En ce qui concerne les moyens tirés de l'illégalité de la décision attaquée en tant qu'elle porte sur le caractère suffisant du plan de sauvegarde de l'emploi :

16. En premier lieu, d'une part, aux termes du deuxième alinéa du II de l'article L. 1233-58 du code du travail🏛, applicable aux entreprises placées en redressement ou en liquidation judiciaire : " Par dérogation au 1° de l'article L. 1233-57-3, sans préjudice de la recherche, selon le cas, par l'administrateur, le liquidateur ou l'employeur, en cas de redressement ou de liquidation judiciaire, des moyens du groupe auquel l'employeur appartient pour l'établissement du plan de sauvegarde de l'emploi, l'autorité administrative homologue le plan de sauvegarde de l'emploi après s'être assurée du respect par celui-ci des articles L. 1233-61 à L. 1233-63 au regard des moyens dont dispose l'entreprise ".

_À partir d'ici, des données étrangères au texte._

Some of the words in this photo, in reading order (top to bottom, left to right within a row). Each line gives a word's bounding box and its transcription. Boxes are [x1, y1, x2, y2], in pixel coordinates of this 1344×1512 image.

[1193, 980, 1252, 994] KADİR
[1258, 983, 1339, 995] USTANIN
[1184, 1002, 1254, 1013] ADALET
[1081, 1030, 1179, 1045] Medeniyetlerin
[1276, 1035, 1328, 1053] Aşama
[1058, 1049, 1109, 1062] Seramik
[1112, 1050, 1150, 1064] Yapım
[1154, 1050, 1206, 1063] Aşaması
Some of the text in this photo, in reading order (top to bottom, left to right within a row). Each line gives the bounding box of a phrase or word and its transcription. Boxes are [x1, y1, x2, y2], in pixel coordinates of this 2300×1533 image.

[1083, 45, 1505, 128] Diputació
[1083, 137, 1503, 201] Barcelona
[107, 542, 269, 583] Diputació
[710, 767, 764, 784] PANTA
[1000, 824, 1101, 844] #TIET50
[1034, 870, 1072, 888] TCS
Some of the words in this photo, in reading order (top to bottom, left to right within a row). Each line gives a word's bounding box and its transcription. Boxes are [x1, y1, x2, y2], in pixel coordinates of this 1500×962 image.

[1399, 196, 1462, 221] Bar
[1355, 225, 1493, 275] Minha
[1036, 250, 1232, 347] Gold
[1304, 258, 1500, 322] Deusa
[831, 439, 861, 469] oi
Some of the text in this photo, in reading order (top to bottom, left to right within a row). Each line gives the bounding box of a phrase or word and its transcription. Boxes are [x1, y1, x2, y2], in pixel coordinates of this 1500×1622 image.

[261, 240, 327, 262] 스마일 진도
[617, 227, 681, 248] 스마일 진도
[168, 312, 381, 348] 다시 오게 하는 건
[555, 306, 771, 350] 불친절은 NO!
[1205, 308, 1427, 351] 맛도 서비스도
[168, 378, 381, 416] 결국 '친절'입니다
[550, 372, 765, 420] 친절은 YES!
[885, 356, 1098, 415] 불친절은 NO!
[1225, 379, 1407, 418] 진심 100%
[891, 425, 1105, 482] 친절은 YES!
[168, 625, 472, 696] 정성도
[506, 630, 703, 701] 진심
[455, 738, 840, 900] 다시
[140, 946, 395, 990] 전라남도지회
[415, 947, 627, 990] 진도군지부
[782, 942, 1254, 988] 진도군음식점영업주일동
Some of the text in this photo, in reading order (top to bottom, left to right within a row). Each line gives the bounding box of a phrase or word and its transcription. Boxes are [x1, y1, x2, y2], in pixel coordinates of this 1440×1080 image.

17. Il résulte de ces dispositions que, lorsque l'administration est saisie d'une demande d'homologation d'un document élaboré en application de l'article L. 1233-24-4 du code du travail🏛, il lui appartient, sous le contrôle du juge de l'excès de pouvoir, de vérifier, dans le cas des entreprises en redressement ou en liquidation judiciaire, d'une part, que l'administrateur, le liquidateur ou l'employeur a recherché, pour l'établissement du plan de sauvegarde de l'emploi, les moyens dont disposent l'unité économique et sociale et le groupe auquel l'entreprise appartient et, d'autre part, que le plan de sauvegarde de l'emploi n'est pas insuffisant au regard des seuls moyens dont dispose l'entreprise.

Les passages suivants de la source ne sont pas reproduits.